Text-to-region grounding data
+-------+

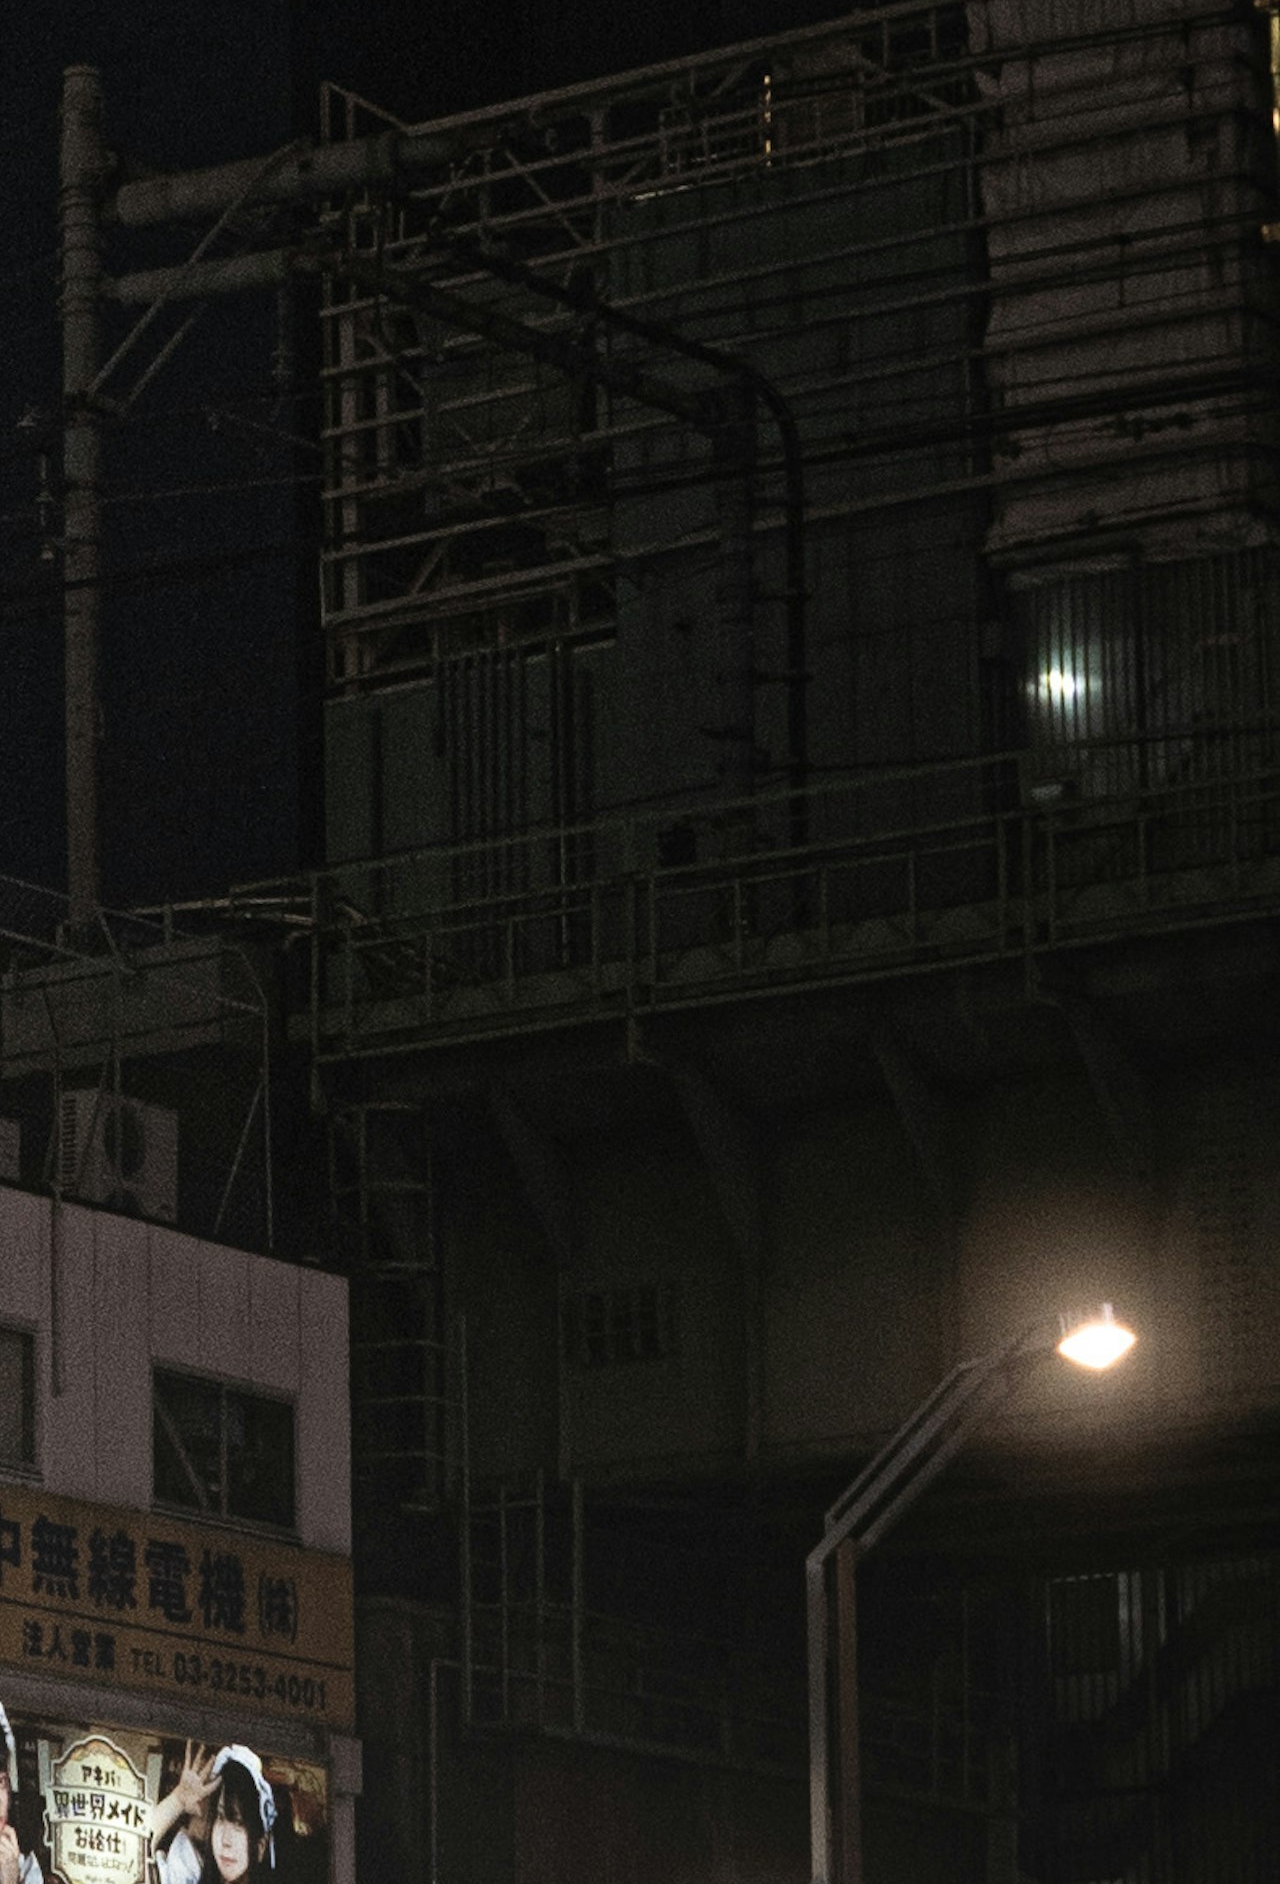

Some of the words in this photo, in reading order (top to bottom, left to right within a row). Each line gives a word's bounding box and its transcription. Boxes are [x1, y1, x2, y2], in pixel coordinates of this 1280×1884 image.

[130, 1648, 166, 1678] TEL
[53, 1790, 147, 1828] 異世界メイド
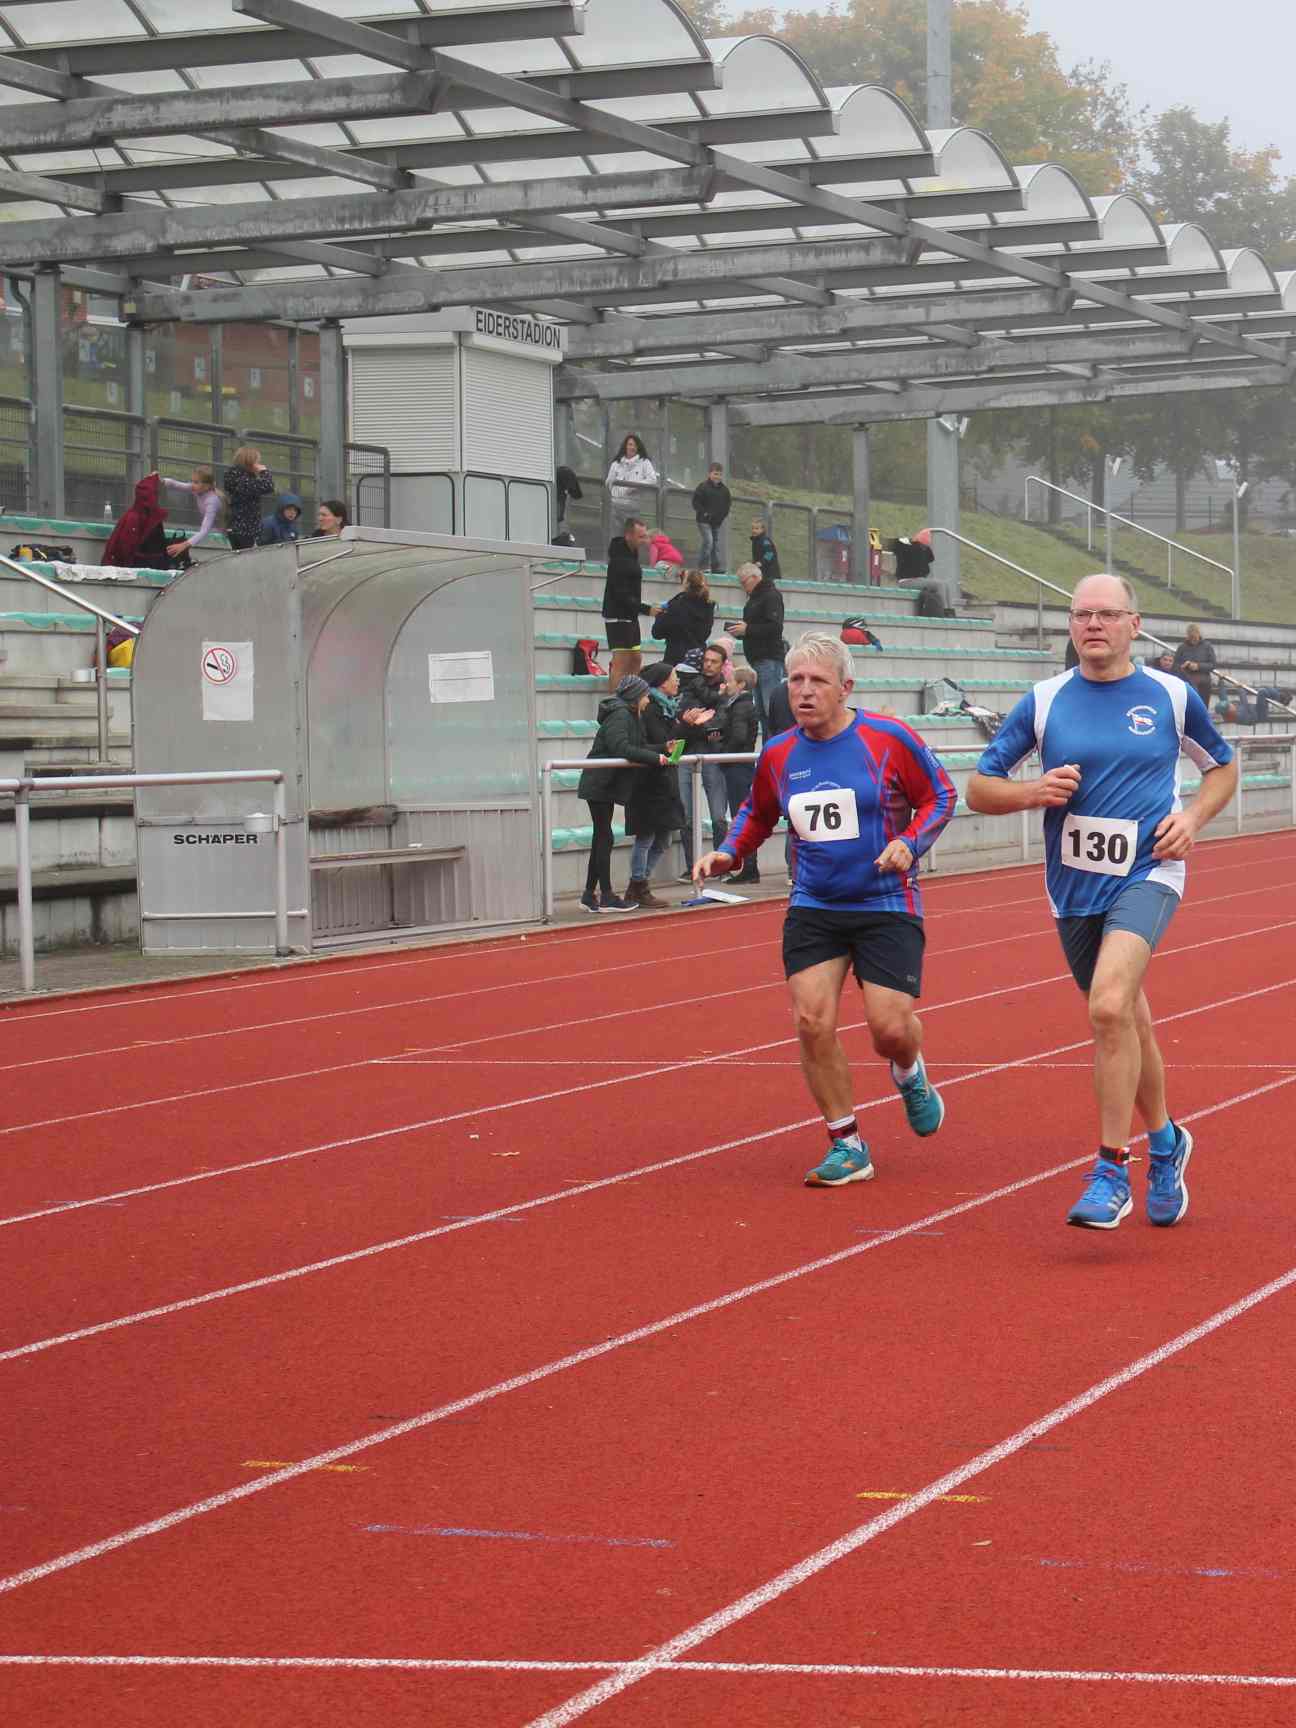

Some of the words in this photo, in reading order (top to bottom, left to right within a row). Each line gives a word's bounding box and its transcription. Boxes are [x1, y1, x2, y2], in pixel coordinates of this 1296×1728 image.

[475, 309, 560, 349] EIDERSTADION
[804, 802, 842, 831] 76
[1068, 829, 1128, 864] 130
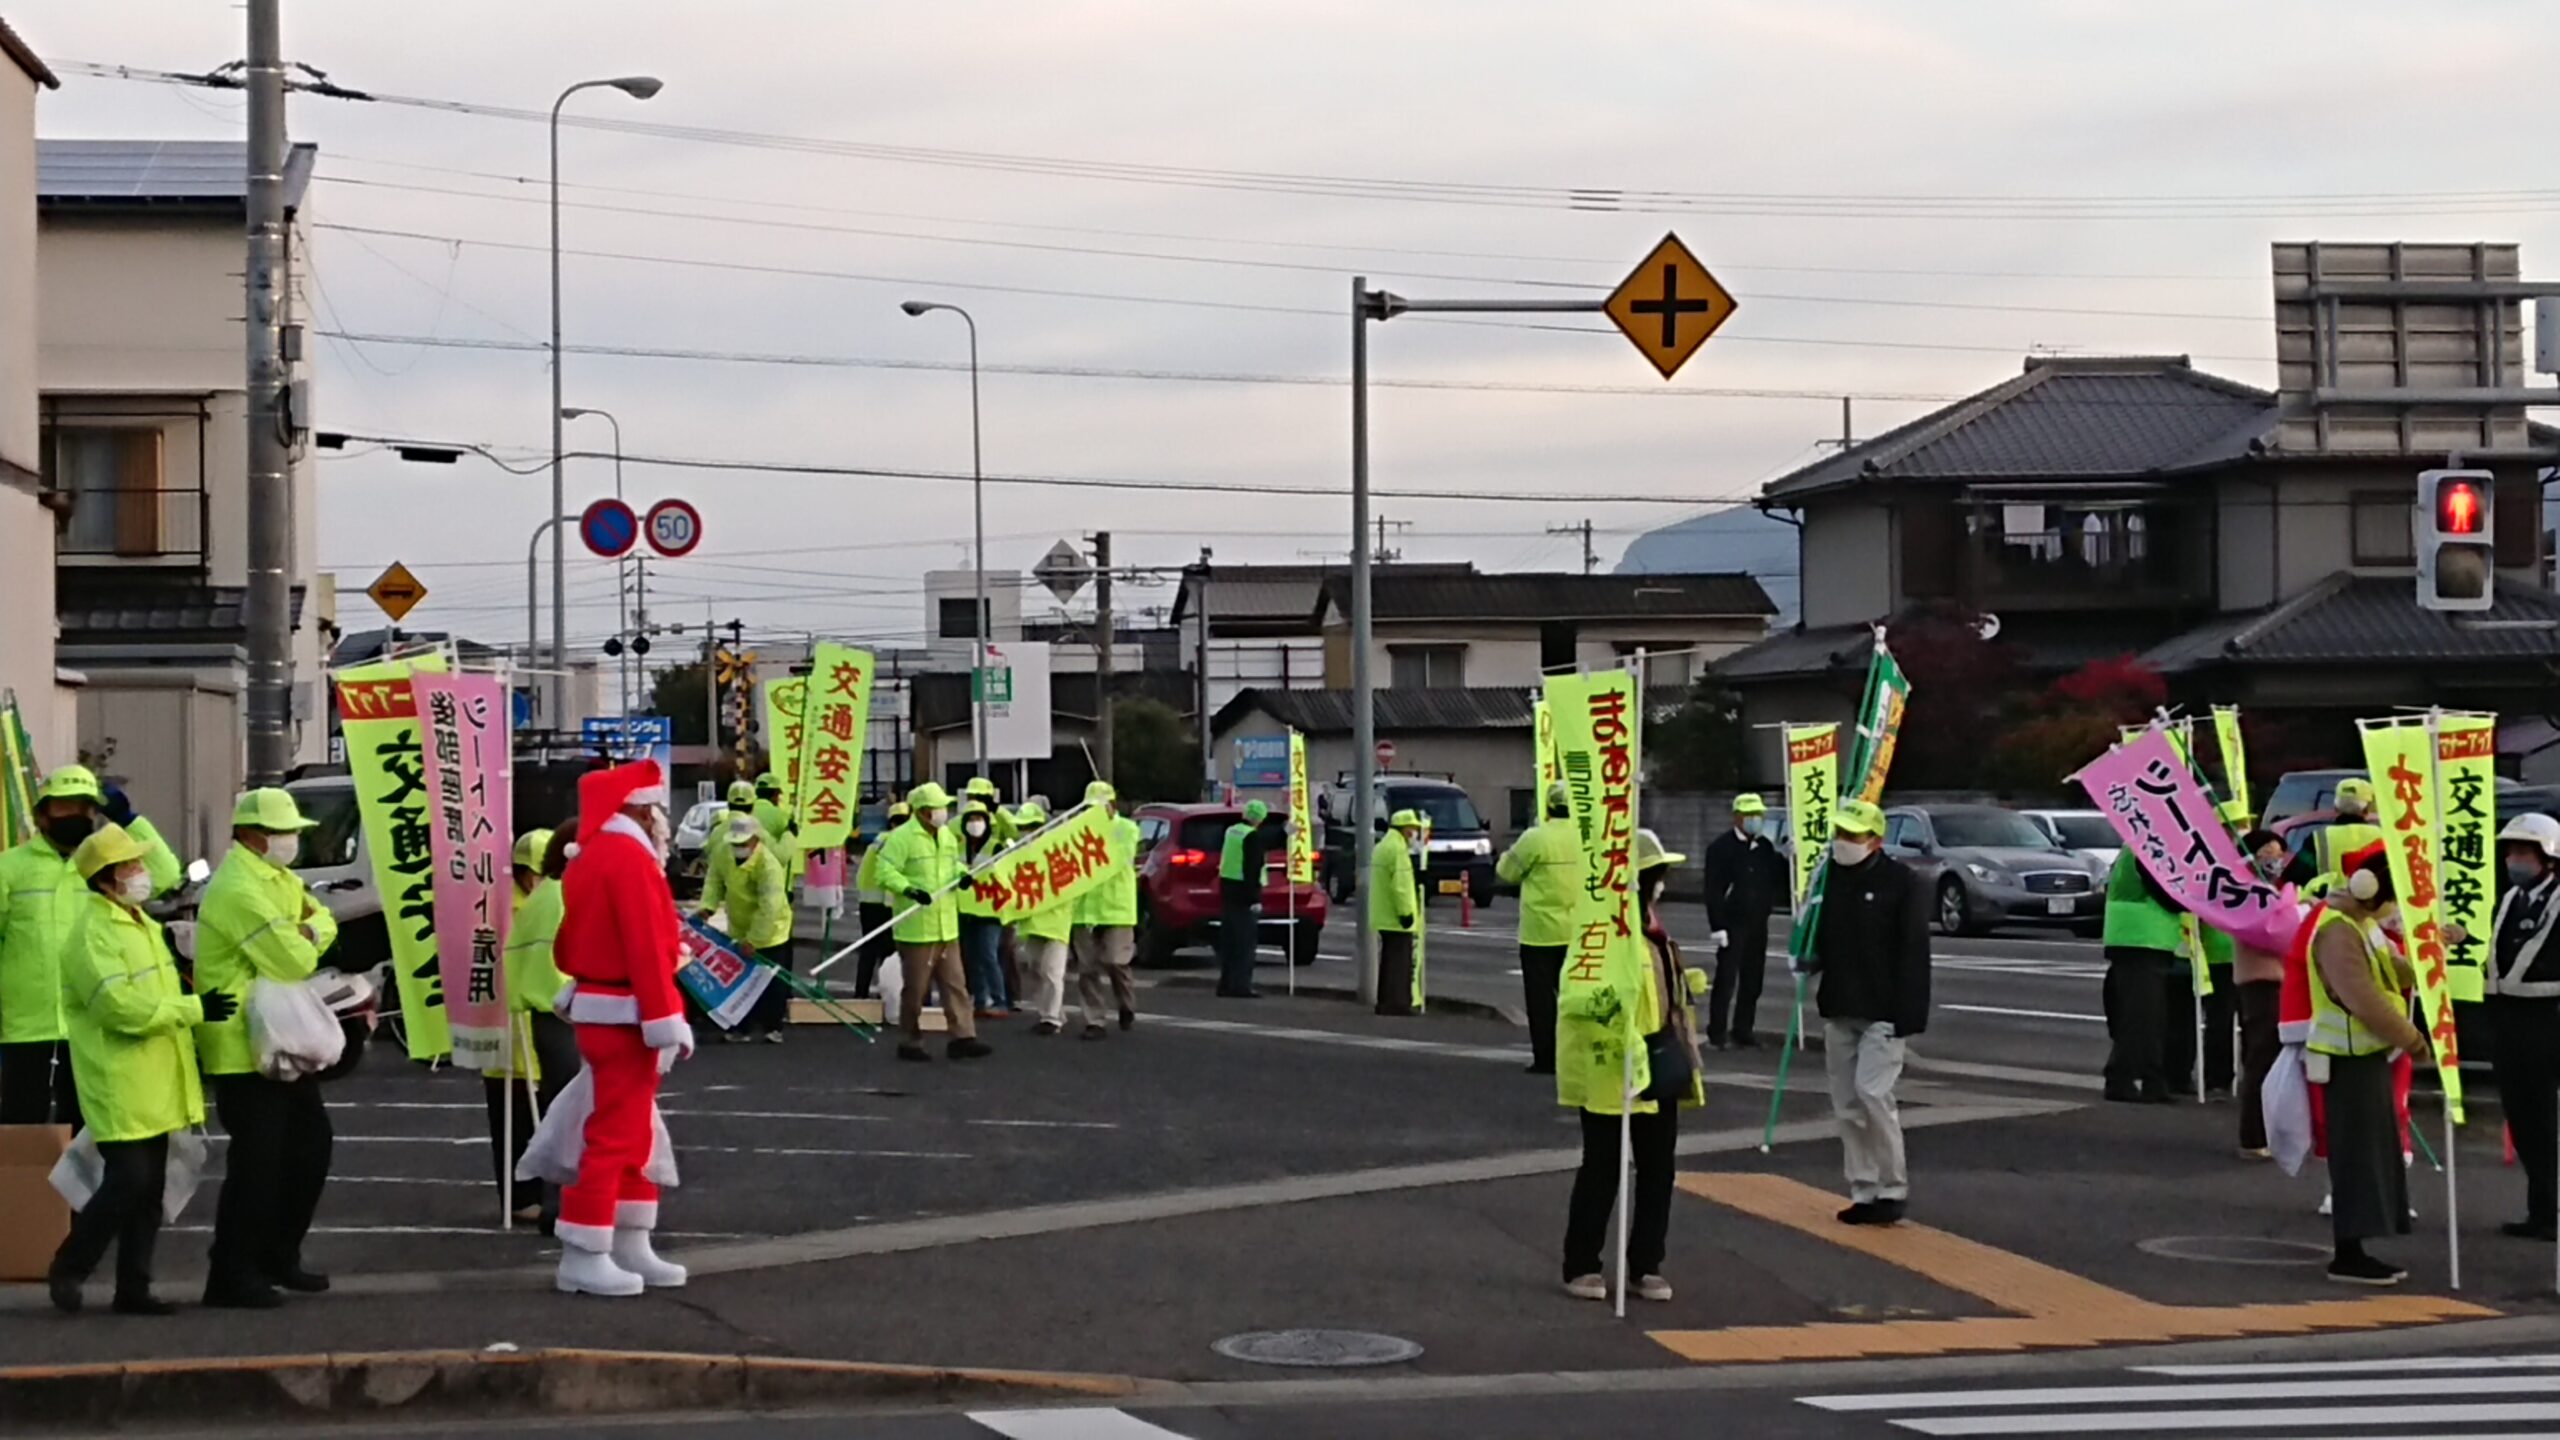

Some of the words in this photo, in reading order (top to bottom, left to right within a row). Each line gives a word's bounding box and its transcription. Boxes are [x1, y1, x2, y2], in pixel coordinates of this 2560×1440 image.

[657, 515, 689, 540] 50
[808, 661, 860, 824] 交通安全
[2440, 728, 2492, 757] マナーアップ
[973, 826, 1111, 912] 交通安全
[2441, 766, 2487, 967] 交通安全
[1568, 920, 1609, 981] 右左

+-------+

» WHAT YOU WILL DO:
The line with "this 2560×1440 image." and all the lines after it in the records above are to be output exactly, with nothing added.

» YOUR SOLUTION:
Some of the words in this photo, in reading order (top to bottom, left to right within a row). Each line gives a word's bounding box and its transcription. Boxes are [x1, y1, x2, y2], in pixel coordinates of this 2560×1440 image.

[657, 515, 689, 540] 50
[808, 661, 860, 824] 交通安全
[2440, 728, 2492, 757] マナーアップ
[973, 826, 1111, 912] 交通安全
[2441, 766, 2487, 967] 交通安全
[1568, 920, 1609, 981] 右左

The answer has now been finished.